WHAT YOU NEED TO DO> Only the final stretch of the data is wanted: reproduce the line containing "this 1125×1500 image." and each line after it, exactly.

DATA FOR THIS TASK below:

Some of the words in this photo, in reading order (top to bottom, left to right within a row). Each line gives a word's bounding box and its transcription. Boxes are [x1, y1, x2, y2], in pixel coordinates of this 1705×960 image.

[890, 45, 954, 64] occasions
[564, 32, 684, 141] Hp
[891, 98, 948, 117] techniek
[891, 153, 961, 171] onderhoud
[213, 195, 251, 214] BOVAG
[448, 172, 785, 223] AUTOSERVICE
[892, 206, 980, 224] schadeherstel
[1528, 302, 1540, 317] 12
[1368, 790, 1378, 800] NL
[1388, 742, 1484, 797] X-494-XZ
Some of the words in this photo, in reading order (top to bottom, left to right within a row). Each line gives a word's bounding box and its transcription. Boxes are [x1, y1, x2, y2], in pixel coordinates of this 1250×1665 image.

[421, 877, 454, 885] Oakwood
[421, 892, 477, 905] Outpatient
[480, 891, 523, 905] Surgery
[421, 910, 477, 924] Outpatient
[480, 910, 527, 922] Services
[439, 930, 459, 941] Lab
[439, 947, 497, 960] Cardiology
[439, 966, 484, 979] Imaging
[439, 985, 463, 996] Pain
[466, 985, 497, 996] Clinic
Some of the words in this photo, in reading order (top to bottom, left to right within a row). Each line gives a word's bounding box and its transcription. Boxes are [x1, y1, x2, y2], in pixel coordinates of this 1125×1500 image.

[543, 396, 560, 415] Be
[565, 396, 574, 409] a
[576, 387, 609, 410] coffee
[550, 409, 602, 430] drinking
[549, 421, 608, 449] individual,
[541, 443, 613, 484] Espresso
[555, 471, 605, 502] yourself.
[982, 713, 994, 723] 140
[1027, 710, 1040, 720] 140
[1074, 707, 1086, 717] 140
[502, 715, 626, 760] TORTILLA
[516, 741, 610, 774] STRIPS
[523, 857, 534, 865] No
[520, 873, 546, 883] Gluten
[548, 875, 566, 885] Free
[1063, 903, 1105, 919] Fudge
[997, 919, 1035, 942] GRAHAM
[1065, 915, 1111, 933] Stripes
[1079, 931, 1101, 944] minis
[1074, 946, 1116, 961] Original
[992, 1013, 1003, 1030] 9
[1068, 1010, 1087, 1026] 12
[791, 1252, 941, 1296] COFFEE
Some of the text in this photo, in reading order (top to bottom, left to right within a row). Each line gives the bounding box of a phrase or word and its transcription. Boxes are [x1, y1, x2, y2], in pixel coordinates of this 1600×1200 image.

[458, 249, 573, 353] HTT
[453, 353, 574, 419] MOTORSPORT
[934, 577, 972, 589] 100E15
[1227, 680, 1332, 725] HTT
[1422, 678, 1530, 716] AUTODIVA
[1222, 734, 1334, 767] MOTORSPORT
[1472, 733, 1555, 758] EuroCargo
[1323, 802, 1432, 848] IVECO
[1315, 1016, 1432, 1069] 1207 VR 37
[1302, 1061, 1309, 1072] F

End of DATA FOR THIS TASK.

ANSWER BELOW>
Some of the words in this photo, in reading order (top to bottom, left to right within a row). Each line gives a word's bounding box and its transcription. Boxes are [x1, y1, x2, y2], in pixel coordinates of this 1125×1500 image.

[543, 396, 560, 415] Be
[565, 396, 574, 409] a
[576, 387, 609, 410] coffee
[550, 409, 602, 430] drinking
[549, 421, 608, 449] individual,
[541, 443, 613, 484] Espresso
[555, 471, 605, 502] yourself.
[982, 713, 994, 723] 140
[1027, 710, 1040, 720] 140
[1074, 707, 1086, 717] 140
[502, 715, 626, 760] TORTILLA
[516, 741, 610, 774] STRIPS
[523, 857, 534, 865] No
[520, 873, 546, 883] Gluten
[548, 875, 566, 885] Free
[1063, 903, 1105, 919] Fudge
[997, 919, 1035, 942] GRAHAM
[1065, 915, 1111, 933] Stripes
[1079, 931, 1101, 944] minis
[1074, 946, 1116, 961] Original
[992, 1013, 1003, 1030] 9
[1068, 1010, 1087, 1026] 12
[791, 1252, 941, 1296] COFFEE
Some of the text in this photo, in reading order (top to bottom, left to right within a row). Each line gives the bounding box of a phrase or word and its transcription. Boxes are [x1, y1, x2, y2], in pixel coordinates of this 1600×1200 image.

[458, 249, 573, 353] HTT
[453, 353, 574, 419] MOTORSPORT
[934, 577, 972, 589] 100E15
[1227, 680, 1332, 725] HTT
[1422, 678, 1530, 716] AUTODIVA
[1222, 734, 1334, 767] MOTORSPORT
[1472, 733, 1555, 758] EuroCargo
[1323, 802, 1432, 848] IVECO
[1315, 1016, 1432, 1069] 1207 VR 37
[1302, 1061, 1309, 1072] F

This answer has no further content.